• [Problem details]: If an entry holds a picture, leave the picture out and copy the rest exactly.

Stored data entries
○ ○ ○ ○

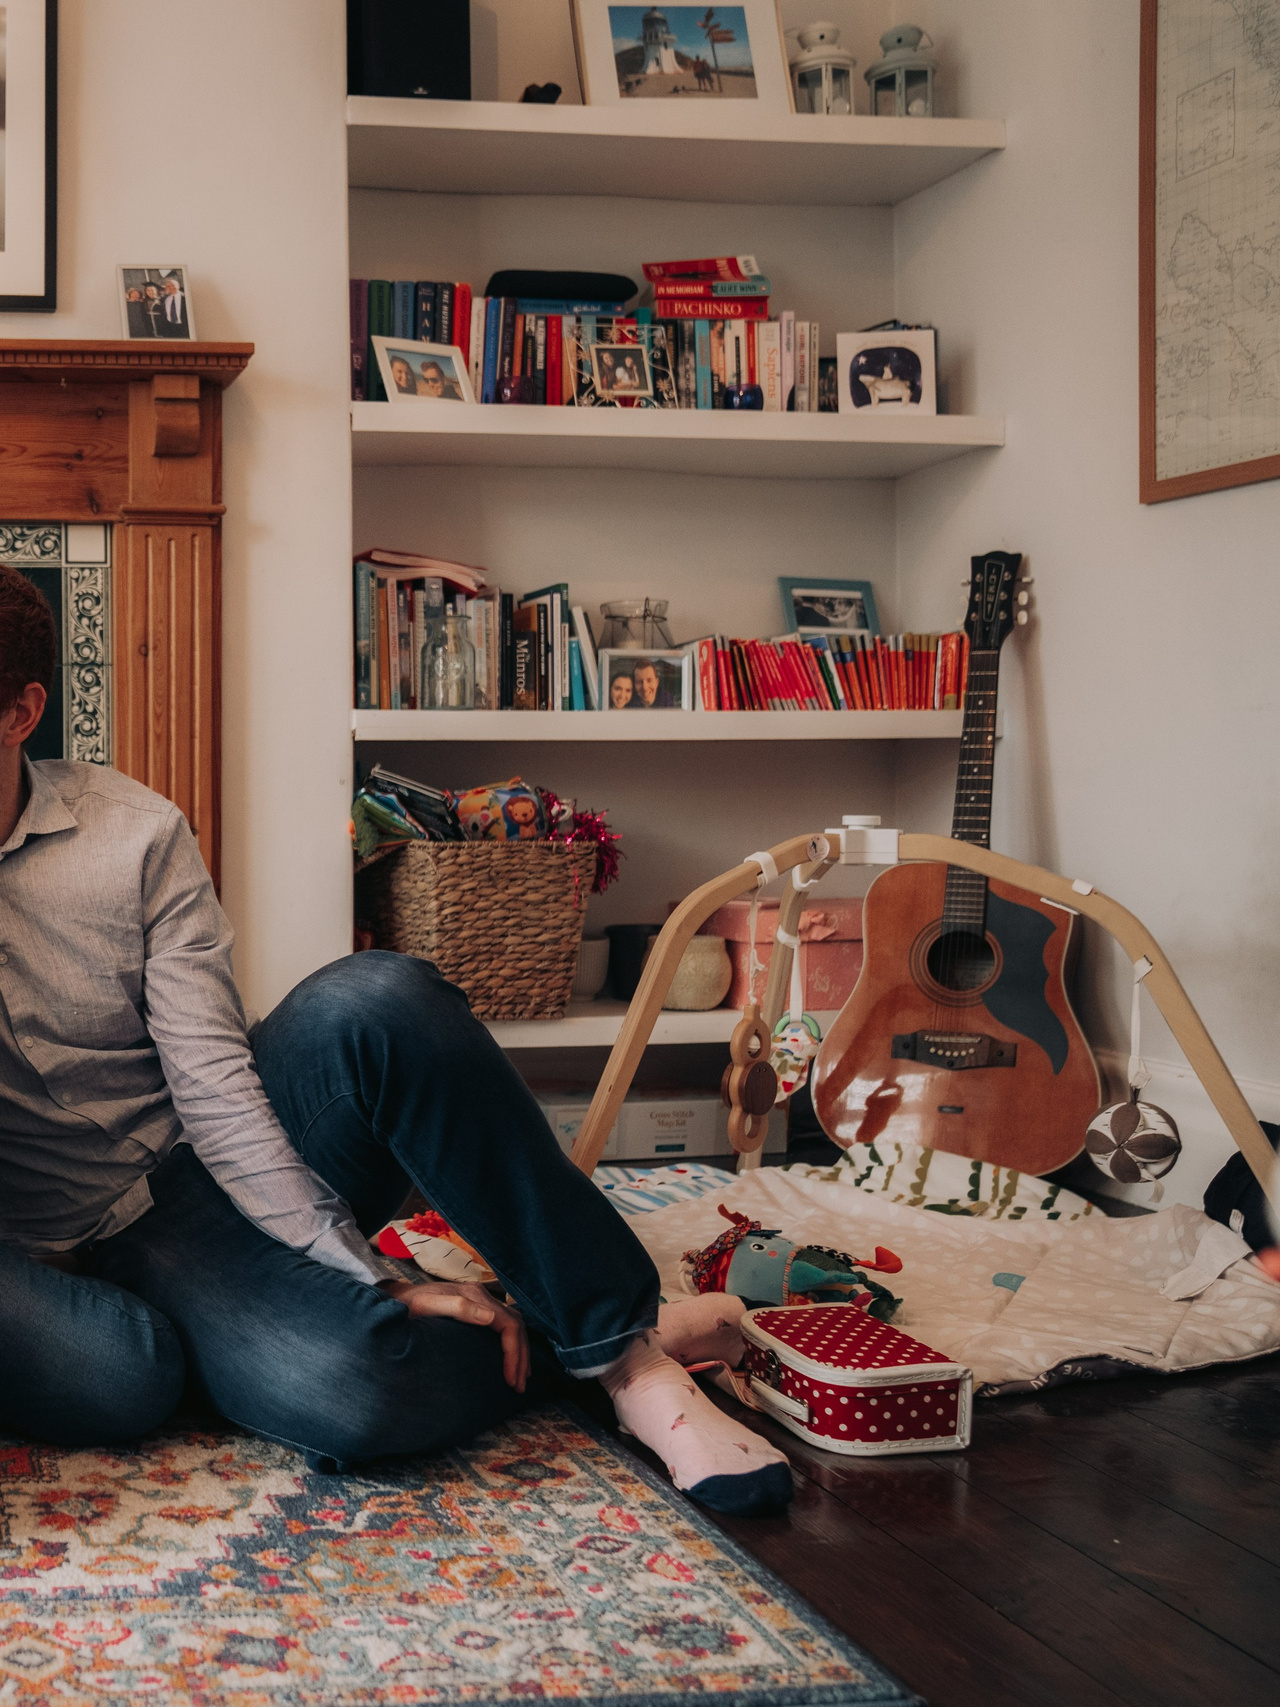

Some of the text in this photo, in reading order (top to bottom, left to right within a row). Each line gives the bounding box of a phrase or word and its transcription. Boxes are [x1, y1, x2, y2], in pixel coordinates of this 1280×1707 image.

[665, 285, 704, 295] MEMORIAM
[739, 284, 757, 293] WINN
[674, 302, 742, 315] PACHINKO
[441, 290, 450, 343] THE HUSBANDS
[763, 347, 779, 399] Sapiens
[516, 639, 529, 695] Munros
[649, 1109, 695, 1119] Cross Stitch
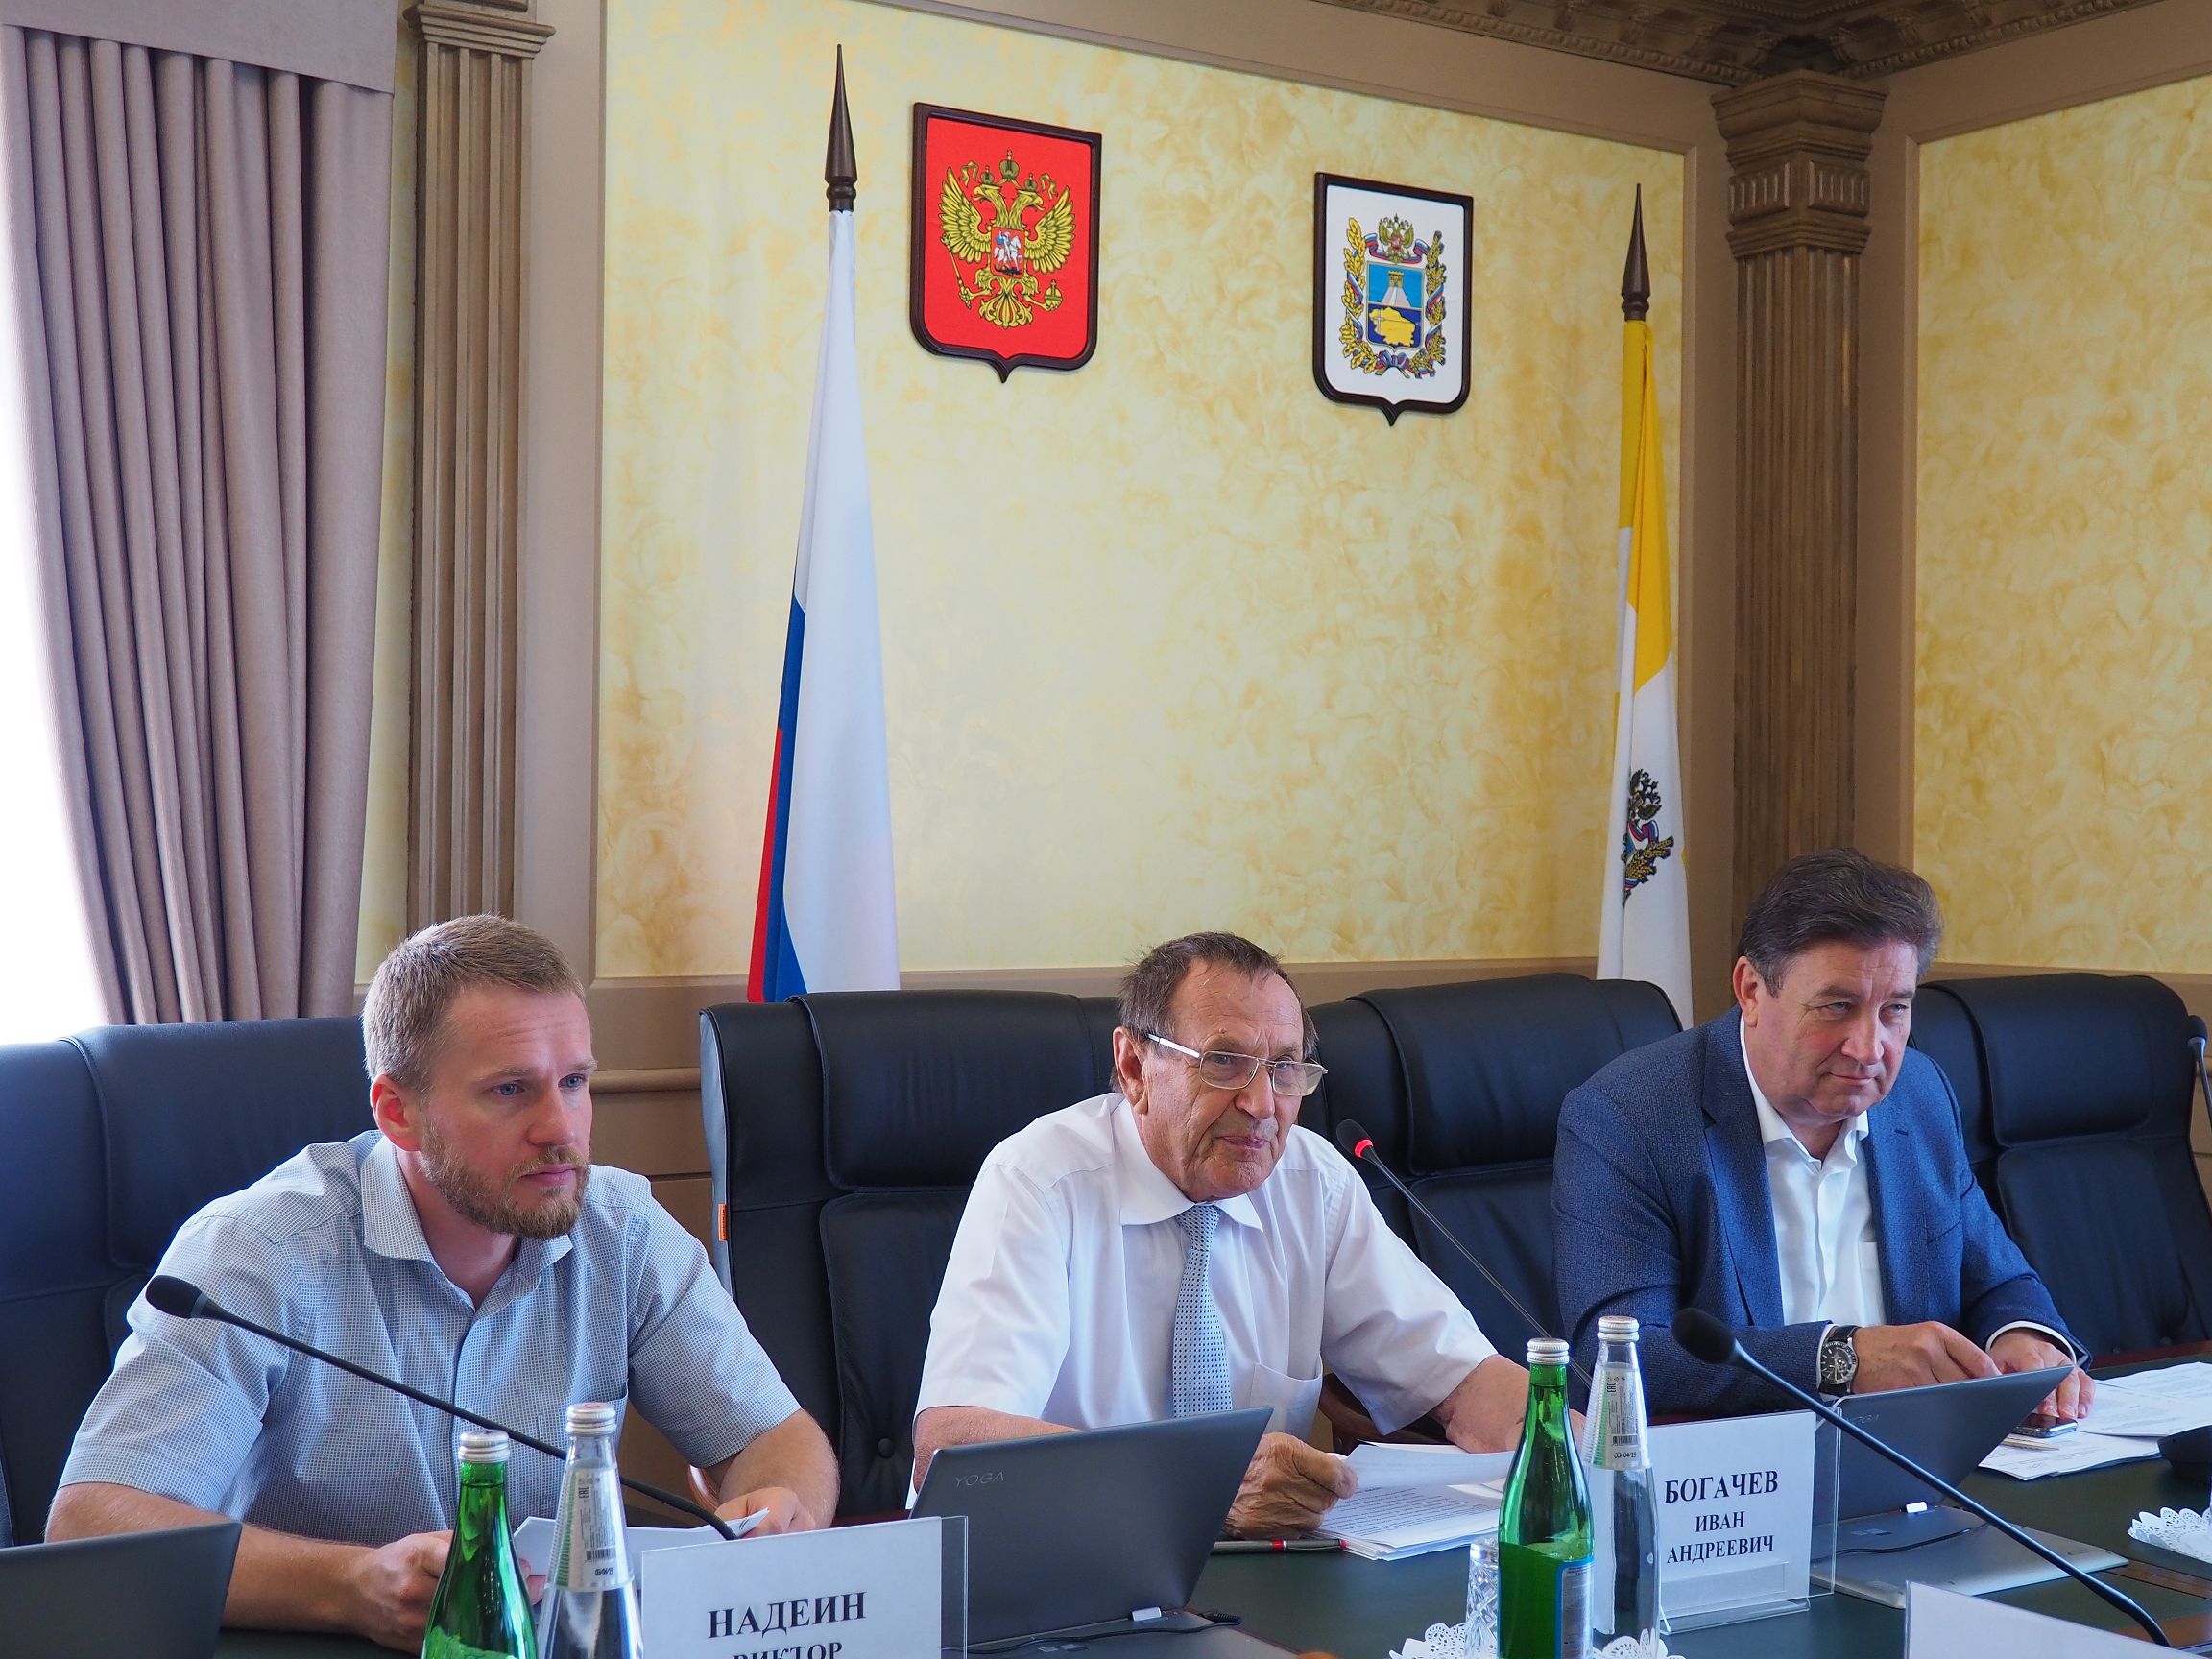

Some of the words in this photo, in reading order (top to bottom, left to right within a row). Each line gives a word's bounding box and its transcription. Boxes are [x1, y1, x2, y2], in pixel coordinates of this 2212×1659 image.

[955, 1471, 1004, 1488] YOGA
[1664, 1470, 1778, 1503] БОГАЧЕВ
[1695, 1510, 1745, 1533] ИВАН
[1667, 1535, 1774, 1564] АНДРЕЕВИЧ
[708, 1591, 867, 1639] НАДЕИН
[733, 1642, 843, 1659] КТОР

○ ○ ○ ○

• [Expected answer]:
Some of the text in this photo, in reading order (top to bottom, left to right within a row). Each line gives the bounding box of a phrase or word and its transcription. Boxes are [x1, y1, x2, y2], in pixel coordinates of this 1280×1707 image.

[665, 285, 704, 295] MEMORIAM
[739, 284, 757, 293] WINN
[674, 302, 742, 315] PACHINKO
[441, 290, 450, 343] THE HUSBANDS
[763, 347, 779, 399] Sapiens
[516, 639, 529, 695] Munros
[649, 1109, 695, 1119] Cross Stitch

Some of the words in this photo, in reading order (top to bottom, left to right within a row). Each line gives a word's bounding box and its transcription. Boxes are [x1, y1, x2, y2], in pixel coordinates of this 2212×1659 image.

[955, 1471, 1004, 1488] YOGA
[1664, 1470, 1778, 1503] БОГАЧЕВ
[1695, 1510, 1745, 1533] ИВАН
[1667, 1535, 1774, 1564] АНДРЕЕВИЧ
[708, 1591, 867, 1639] НАДЕИН
[733, 1642, 843, 1659] КТОР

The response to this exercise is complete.